**EXERCISE:**
Could every line below be written out exactly as it appears?

DATA RECORDS Block Start

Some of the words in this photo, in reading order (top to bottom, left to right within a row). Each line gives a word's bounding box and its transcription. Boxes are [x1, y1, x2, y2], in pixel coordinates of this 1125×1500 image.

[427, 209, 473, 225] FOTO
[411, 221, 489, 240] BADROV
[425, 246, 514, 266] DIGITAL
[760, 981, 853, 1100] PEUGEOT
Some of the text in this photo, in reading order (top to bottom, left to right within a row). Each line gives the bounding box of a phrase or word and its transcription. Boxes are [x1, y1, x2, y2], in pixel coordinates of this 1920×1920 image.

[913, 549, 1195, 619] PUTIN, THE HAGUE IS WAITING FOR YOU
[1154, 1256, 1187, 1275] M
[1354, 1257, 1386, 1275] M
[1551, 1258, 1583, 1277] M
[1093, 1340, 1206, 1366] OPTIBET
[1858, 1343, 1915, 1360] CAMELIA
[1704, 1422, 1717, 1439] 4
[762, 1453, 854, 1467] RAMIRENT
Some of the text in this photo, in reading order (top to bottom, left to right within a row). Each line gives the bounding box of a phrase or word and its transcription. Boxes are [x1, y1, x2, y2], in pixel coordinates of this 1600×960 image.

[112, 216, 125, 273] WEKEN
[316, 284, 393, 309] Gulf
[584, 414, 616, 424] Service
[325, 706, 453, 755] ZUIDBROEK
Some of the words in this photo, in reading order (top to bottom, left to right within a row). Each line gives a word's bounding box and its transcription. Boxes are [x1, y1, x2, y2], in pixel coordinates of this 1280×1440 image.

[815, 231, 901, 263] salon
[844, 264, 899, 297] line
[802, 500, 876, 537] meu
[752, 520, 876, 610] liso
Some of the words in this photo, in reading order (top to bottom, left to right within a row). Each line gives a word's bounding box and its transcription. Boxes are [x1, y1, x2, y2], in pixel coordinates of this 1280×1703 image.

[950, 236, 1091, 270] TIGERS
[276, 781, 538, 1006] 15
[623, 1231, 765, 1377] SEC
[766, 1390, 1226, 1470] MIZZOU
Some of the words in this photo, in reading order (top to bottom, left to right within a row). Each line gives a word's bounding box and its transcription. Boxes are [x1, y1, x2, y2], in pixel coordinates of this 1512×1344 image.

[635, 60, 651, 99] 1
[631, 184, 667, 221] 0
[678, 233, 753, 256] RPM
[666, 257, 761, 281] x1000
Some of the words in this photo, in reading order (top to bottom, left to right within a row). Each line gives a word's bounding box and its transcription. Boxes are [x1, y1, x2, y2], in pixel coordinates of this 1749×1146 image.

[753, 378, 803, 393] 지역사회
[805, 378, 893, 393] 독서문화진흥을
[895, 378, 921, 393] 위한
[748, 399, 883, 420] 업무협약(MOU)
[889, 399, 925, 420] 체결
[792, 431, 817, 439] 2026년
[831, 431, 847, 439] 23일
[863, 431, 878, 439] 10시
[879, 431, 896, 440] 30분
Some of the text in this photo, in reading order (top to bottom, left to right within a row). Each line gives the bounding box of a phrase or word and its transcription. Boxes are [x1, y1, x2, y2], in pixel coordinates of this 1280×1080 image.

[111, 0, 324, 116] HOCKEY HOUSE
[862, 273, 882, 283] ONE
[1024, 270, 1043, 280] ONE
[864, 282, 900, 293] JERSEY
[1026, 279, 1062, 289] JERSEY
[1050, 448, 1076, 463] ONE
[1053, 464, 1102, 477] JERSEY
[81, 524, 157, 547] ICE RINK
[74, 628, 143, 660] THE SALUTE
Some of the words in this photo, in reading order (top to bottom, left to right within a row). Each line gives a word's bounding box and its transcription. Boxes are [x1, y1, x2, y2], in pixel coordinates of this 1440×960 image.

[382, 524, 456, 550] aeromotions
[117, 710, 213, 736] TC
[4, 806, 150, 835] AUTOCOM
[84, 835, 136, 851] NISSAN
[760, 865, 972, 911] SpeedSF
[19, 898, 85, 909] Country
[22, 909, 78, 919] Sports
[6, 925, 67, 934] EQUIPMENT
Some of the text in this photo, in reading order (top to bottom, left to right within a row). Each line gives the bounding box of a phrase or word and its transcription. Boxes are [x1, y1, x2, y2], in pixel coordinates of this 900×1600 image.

DATA RECORDS Block End

**RESULT OF THE EXERCISE:**
Some of the words in this photo, in reading order (top to bottom, left to right within a row). Each line gives a word's bounding box and its transcription. Boxes are [x1, y1, x2, y2], in pixel coordinates of this 1125×1500 image.

[427, 209, 473, 225] FOTO
[411, 221, 489, 240] BADROV
[425, 246, 514, 266] DIGITAL
[760, 981, 853, 1100] PEUGEOT
Some of the text in this photo, in reading order (top to bottom, left to right within a row). Each line gives the bounding box of a phrase or word and its transcription. Boxes are [x1, y1, x2, y2], in pixel coordinates of this 1920×1920 image.

[913, 549, 1195, 619] PUTIN, THE HAGUE IS WAITING FOR YOU
[1154, 1256, 1187, 1275] M
[1354, 1257, 1386, 1275] M
[1551, 1258, 1583, 1277] M
[1093, 1340, 1206, 1366] OPTIBET
[1858, 1343, 1915, 1360] CAMELIA
[1704, 1422, 1717, 1439] 4
[762, 1453, 854, 1467] RAMIRENT
Some of the text in this photo, in reading order (top to bottom, left to right within a row). Each line gives the bounding box of a phrase or word and its transcription. Boxes are [x1, y1, x2, y2], in pixel coordinates of this 1600×960 image.

[112, 216, 125, 273] WEKEN
[316, 284, 393, 309] Gulf
[584, 414, 616, 424] Service
[325, 706, 453, 755] ZUIDBROEK
Some of the words in this photo, in reading order (top to bottom, left to right within a row). Each line gives a word's bounding box and its transcription. Boxes are [x1, y1, x2, y2], in pixel coordinates of this 1280×1440 image.

[815, 231, 901, 263] salon
[844, 264, 899, 297] line
[802, 500, 876, 537] meu
[752, 520, 876, 610] liso
Some of the words in this photo, in reading order (top to bottom, left to right within a row). Each line gives a word's bounding box and its transcription. Boxes are [x1, y1, x2, y2], in pixel coordinates of this 1280×1703 image.

[950, 236, 1091, 270] TIGERS
[276, 781, 538, 1006] 15
[623, 1231, 765, 1377] SEC
[766, 1390, 1226, 1470] MIZZOU
Some of the words in this photo, in reading order (top to bottom, left to right within a row). Each line gives a word's bounding box and its transcription. Boxes are [x1, y1, x2, y2], in pixel coordinates of this 1512×1344 image.

[635, 60, 651, 99] 1
[631, 184, 667, 221] 0
[678, 233, 753, 256] RPM
[666, 257, 761, 281] x1000
Some of the words in this photo, in reading order (top to bottom, left to right within a row). Each line gives a word's bounding box and its transcription. Boxes are [x1, y1, x2, y2], in pixel coordinates of this 1749×1146 image.

[753, 378, 803, 393] 지역사회
[805, 378, 893, 393] 독서문화진흥을
[895, 378, 921, 393] 위한
[748, 399, 883, 420] 업무협약(MOU)
[889, 399, 925, 420] 체결
[792, 431, 817, 439] 2026년
[831, 431, 847, 439] 23일
[863, 431, 878, 439] 10시
[879, 431, 896, 440] 30분
Some of the text in this photo, in reading order (top to bottom, left to right within a row). Each line gives the bounding box of a phrase or word and its transcription. Boxes are [x1, y1, x2, y2], in pixel coordinates of this 1280×1080 image.

[111, 0, 324, 116] HOCKEY HOUSE
[862, 273, 882, 283] ONE
[1024, 270, 1043, 280] ONE
[864, 282, 900, 293] JERSEY
[1026, 279, 1062, 289] JERSEY
[1050, 448, 1076, 463] ONE
[1053, 464, 1102, 477] JERSEY
[81, 524, 157, 547] ICE RINK
[74, 628, 143, 660] THE SALUTE
Some of the words in this photo, in reading order (top to bottom, left to right within a row). Each line gives a word's bounding box and its transcription. Boxes are [x1, y1, x2, y2], in pixel coordinates of this 1440×960 image.

[382, 524, 456, 550] aeromotions
[117, 710, 213, 736] TC
[4, 806, 150, 835] AUTOCOM
[84, 835, 136, 851] NISSAN
[760, 865, 972, 911] SpeedSF
[19, 898, 85, 909] Country
[22, 909, 78, 919] Sports
[6, 925, 67, 934] EQUIPMENT
Some of the text in this photo, in reading order (top to bottom, left to right within a row). Each line gives the bounding box of a phrase or word and its transcription. Boxes are [x1, y1, x2, y2], in pixel coordinates of this 900×1600 image.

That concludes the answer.